━━━━━ Exercise material
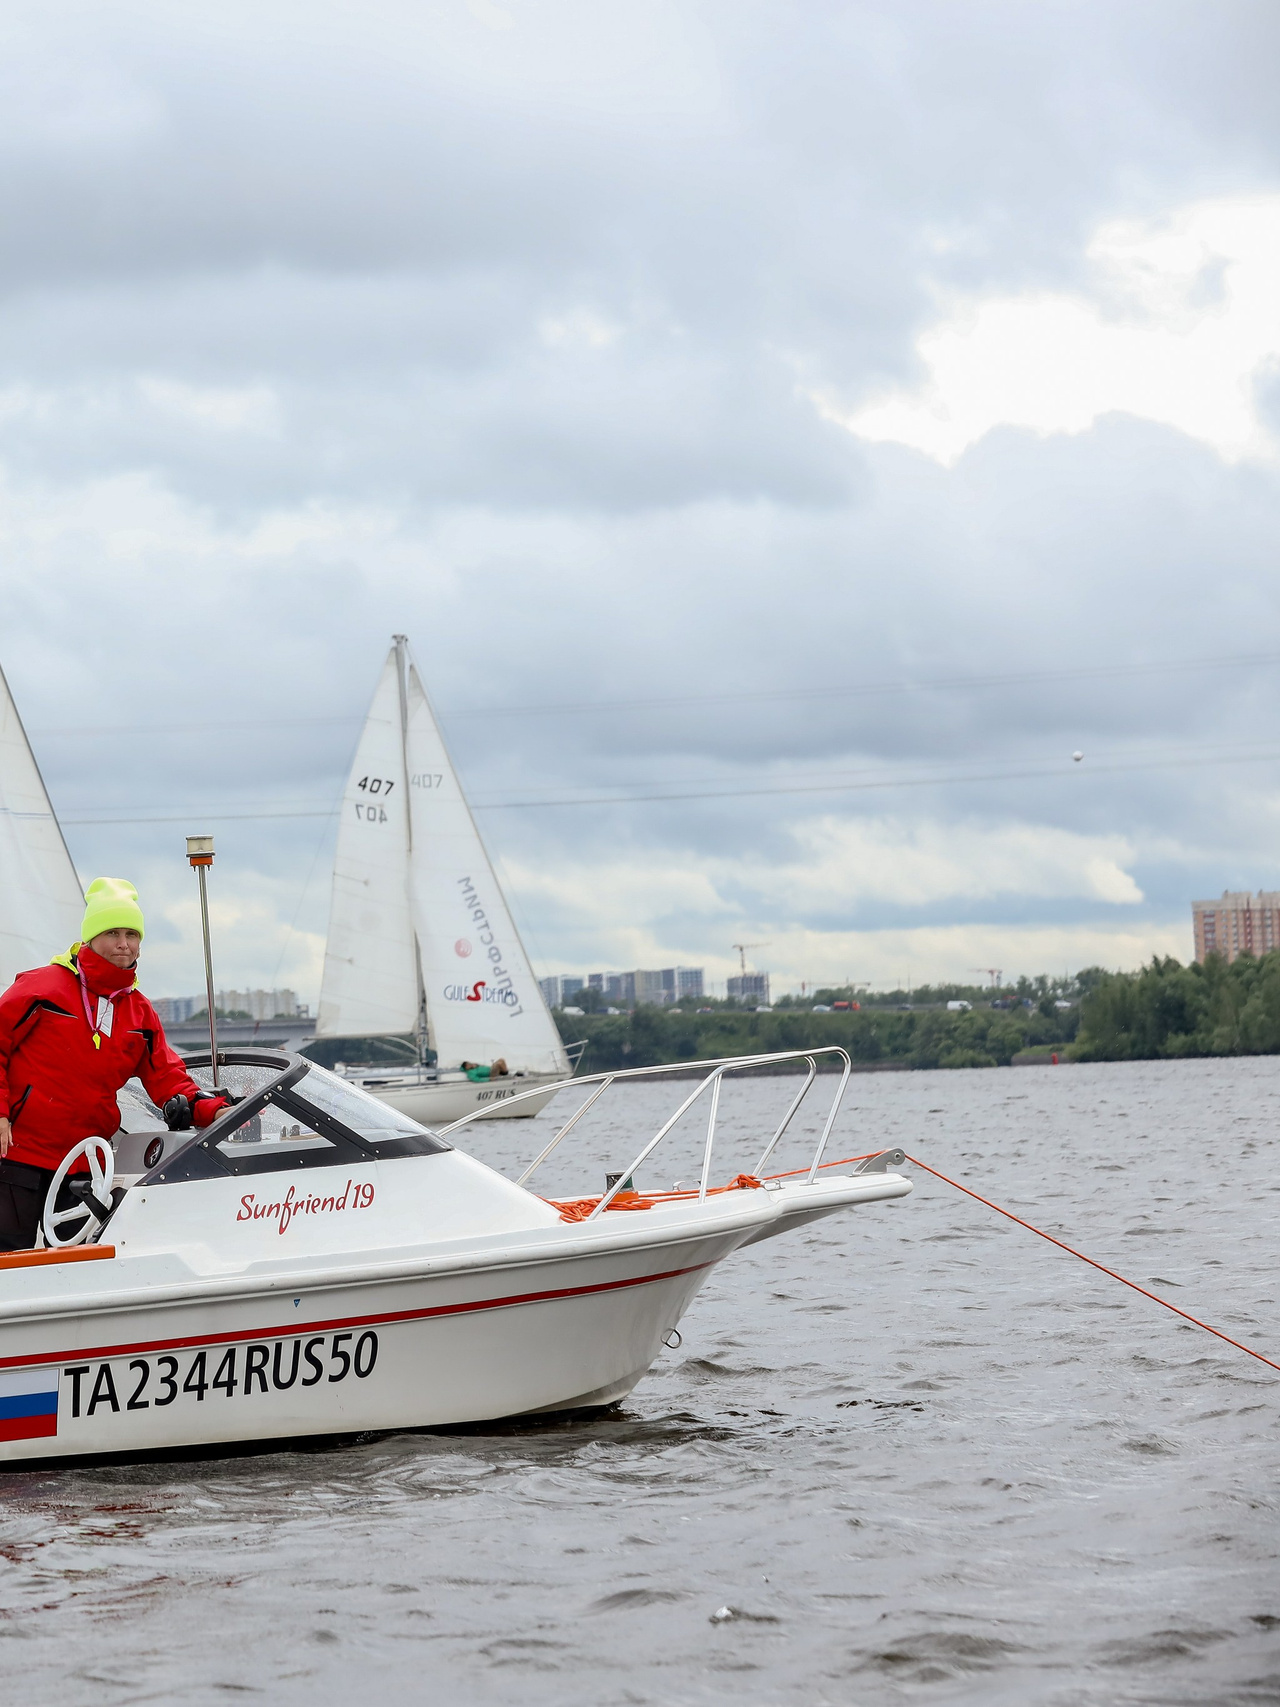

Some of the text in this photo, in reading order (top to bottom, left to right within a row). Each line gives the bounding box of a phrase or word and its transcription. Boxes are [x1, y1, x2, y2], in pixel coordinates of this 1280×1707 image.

[358, 776, 395, 796] 407
[411, 773, 443, 789] 407
[476, 1090, 494, 1101] 407
[236, 1179, 353, 1235] Sunfriend
[64, 1330, 379, 1418] TA2344RUS50
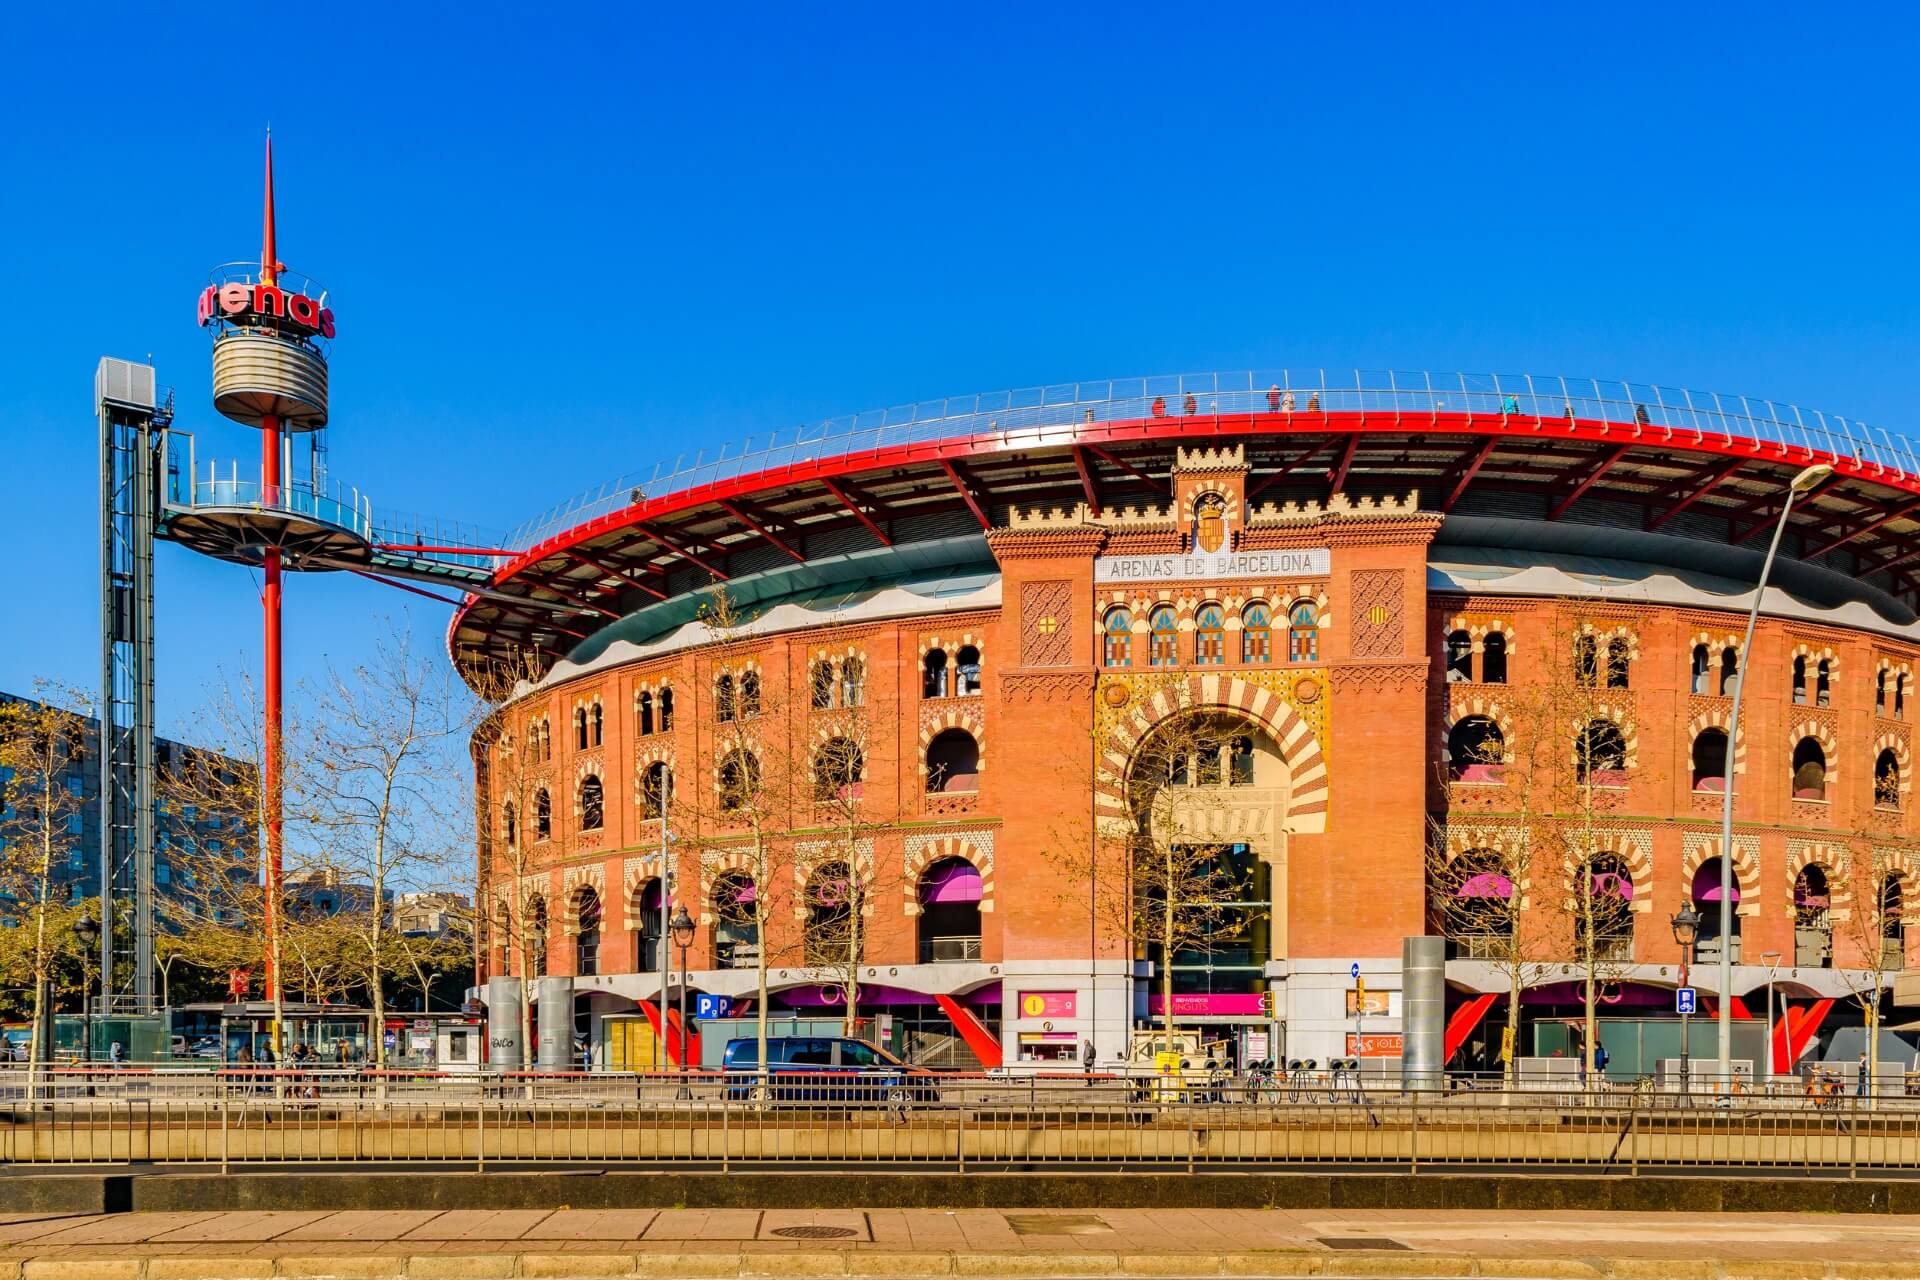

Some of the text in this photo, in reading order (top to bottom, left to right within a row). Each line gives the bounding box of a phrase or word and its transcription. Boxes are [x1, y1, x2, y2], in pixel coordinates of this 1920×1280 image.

[197, 281, 336, 339] arenas
[1110, 554, 1313, 577] ARENAS DE BARCELONA
[701, 998, 711, 1015] P
[720, 999, 727, 1015] P
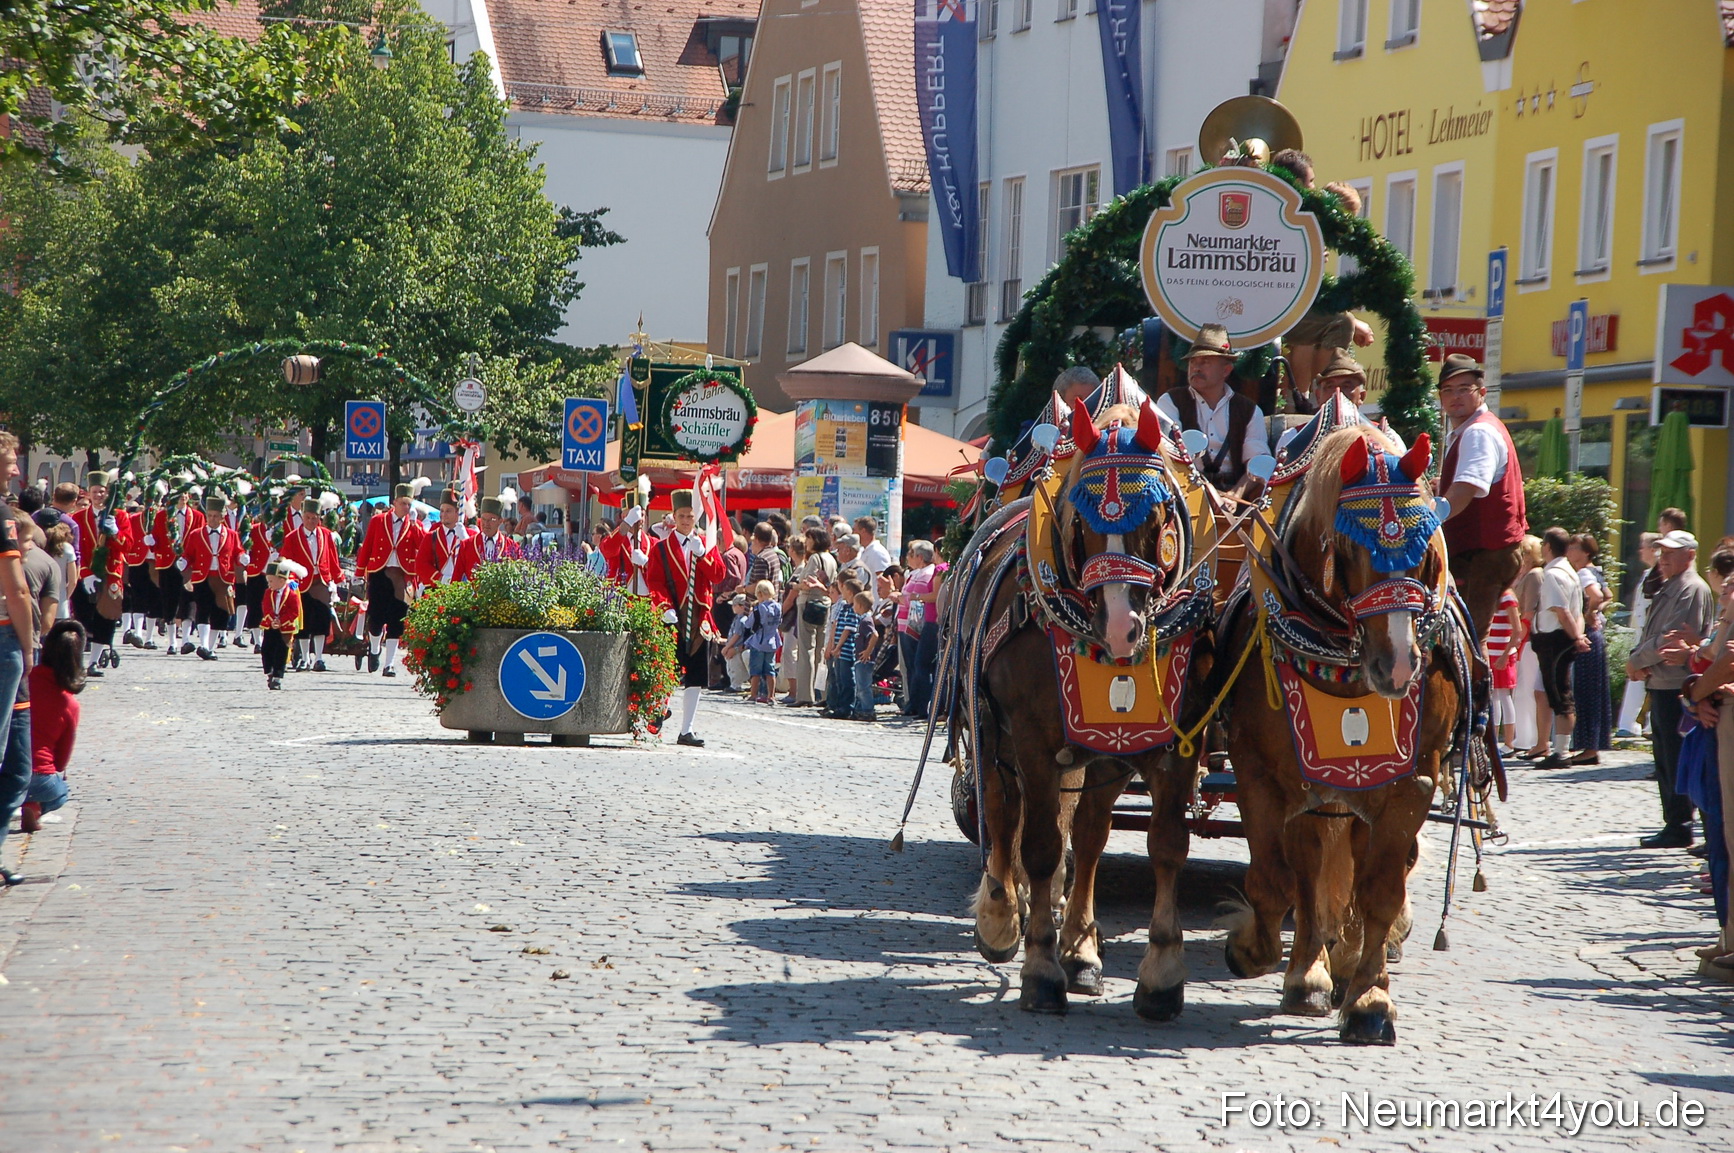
━━━━━━━━━━
#### Work item
Word for word, quote the lines above. Omit the pictures.

#### Expected output
Some of the text in this photo, in reading order (top to bottom, left to right within a row). Each line gives the bounding box of a phrase or word and its transcription. Boxes are [x1, y1, x2, y2], in pixel coordinates of this 1280×1707 image.

[358, 776, 395, 796] 407
[411, 773, 443, 789] 407
[476, 1090, 494, 1101] 407
[236, 1179, 353, 1235] Sunfriend
[64, 1330, 379, 1418] TA2344RUS50

Some of the text in this photo, in reading order (top to bottom, left to right within a row). Each line gives the bounding box of a phrase or word and its transcription. Boxes are [x1, y1, x2, y2], in pixel coordinates of this 1920×1280 image.

[197, 281, 336, 339] arenas
[1110, 554, 1313, 577] ARENAS DE BARCELONA
[701, 998, 711, 1015] P
[720, 999, 727, 1015] P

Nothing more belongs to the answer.